Activity: Copy the lines below word for word, skipping any image.

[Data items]
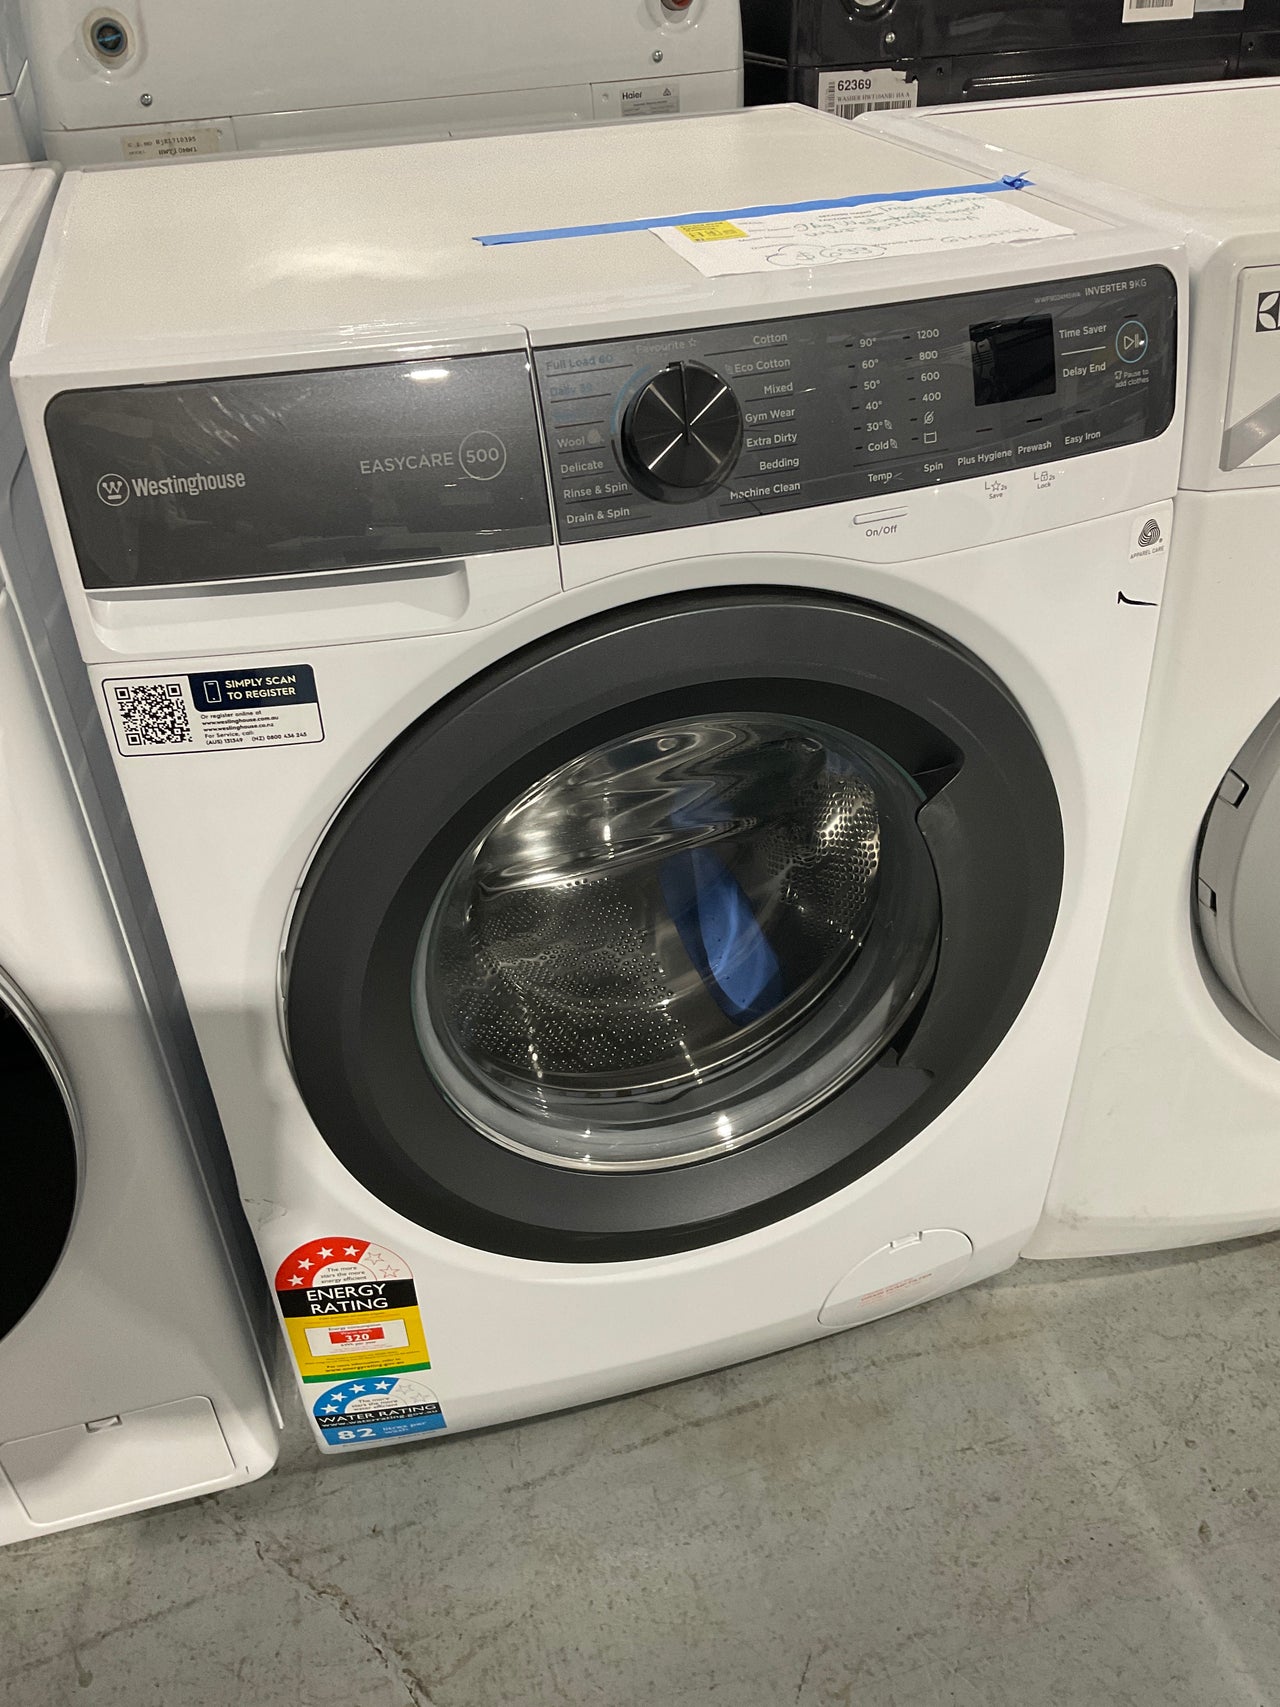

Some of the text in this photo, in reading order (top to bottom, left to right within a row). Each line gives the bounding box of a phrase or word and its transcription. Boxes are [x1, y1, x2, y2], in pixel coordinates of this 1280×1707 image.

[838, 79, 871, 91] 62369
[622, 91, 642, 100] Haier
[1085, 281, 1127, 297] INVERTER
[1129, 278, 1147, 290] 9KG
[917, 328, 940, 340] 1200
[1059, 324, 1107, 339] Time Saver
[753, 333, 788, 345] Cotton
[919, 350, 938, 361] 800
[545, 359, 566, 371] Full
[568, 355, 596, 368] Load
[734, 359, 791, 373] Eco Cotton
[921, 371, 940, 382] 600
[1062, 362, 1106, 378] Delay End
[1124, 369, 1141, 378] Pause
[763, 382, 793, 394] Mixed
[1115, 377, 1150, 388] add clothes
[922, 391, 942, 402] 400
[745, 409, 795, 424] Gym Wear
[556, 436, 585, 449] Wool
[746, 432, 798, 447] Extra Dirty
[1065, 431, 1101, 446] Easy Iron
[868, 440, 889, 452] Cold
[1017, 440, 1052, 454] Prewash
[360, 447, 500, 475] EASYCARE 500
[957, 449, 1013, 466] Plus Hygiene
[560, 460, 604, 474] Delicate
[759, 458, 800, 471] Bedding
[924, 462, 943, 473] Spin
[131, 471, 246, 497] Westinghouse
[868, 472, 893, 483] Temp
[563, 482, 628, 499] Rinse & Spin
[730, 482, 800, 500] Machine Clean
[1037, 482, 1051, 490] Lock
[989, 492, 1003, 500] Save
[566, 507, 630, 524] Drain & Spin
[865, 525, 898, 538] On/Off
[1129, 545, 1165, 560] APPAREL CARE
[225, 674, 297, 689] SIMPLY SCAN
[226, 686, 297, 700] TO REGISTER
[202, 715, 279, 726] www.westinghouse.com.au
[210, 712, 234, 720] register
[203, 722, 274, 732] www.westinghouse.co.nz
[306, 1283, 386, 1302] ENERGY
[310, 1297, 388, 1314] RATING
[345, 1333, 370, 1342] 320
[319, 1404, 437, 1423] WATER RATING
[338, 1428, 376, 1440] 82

Response to this exercise:
Some of the text in this photo, in reading order (top to bottom, left to right within a row). Each line gives the bounding box of a phrase or word and its transcription. Boxes are [x1, y1, x2, y2], in pixel coordinates of this 1280×1707 image.

[838, 79, 871, 91] 62369
[622, 91, 642, 100] Haier
[1085, 281, 1127, 297] INVERTER
[1129, 278, 1147, 290] 9KG
[917, 328, 940, 340] 1200
[1059, 324, 1107, 339] Time Saver
[753, 333, 788, 345] Cotton
[919, 350, 938, 361] 800
[545, 359, 566, 371] Full
[568, 355, 596, 368] Load
[734, 359, 791, 373] Eco Cotton
[921, 371, 940, 382] 600
[1062, 362, 1106, 378] Delay End
[1124, 369, 1141, 378] Pause
[763, 382, 793, 394] Mixed
[1115, 377, 1150, 388] add clothes
[922, 391, 942, 402] 400
[745, 409, 795, 424] Gym Wear
[556, 436, 585, 449] Wool
[746, 432, 798, 447] Extra Dirty
[1065, 431, 1101, 446] Easy Iron
[868, 440, 889, 452] Cold
[1017, 440, 1052, 454] Prewash
[360, 447, 500, 475] EASYCARE 500
[957, 449, 1013, 466] Plus Hygiene
[560, 460, 604, 474] Delicate
[759, 458, 800, 471] Bedding
[924, 462, 943, 473] Spin
[131, 471, 246, 497] Westinghouse
[868, 472, 893, 483] Temp
[563, 482, 628, 499] Rinse & Spin
[730, 482, 800, 500] Machine Clean
[1037, 482, 1051, 490] Lock
[989, 492, 1003, 500] Save
[566, 507, 630, 524] Drain & Spin
[865, 525, 898, 538] On/Off
[1129, 545, 1165, 560] APPAREL CARE
[225, 674, 297, 689] SIMPLY SCAN
[226, 686, 297, 700] TO REGISTER
[202, 715, 279, 726] www.westinghouse.com.au
[210, 712, 234, 720] register
[203, 722, 274, 732] www.westinghouse.co.nz
[306, 1283, 386, 1302] ENERGY
[310, 1297, 388, 1314] RATING
[345, 1333, 370, 1342] 320
[319, 1404, 437, 1423] WATER RATING
[338, 1428, 376, 1440] 82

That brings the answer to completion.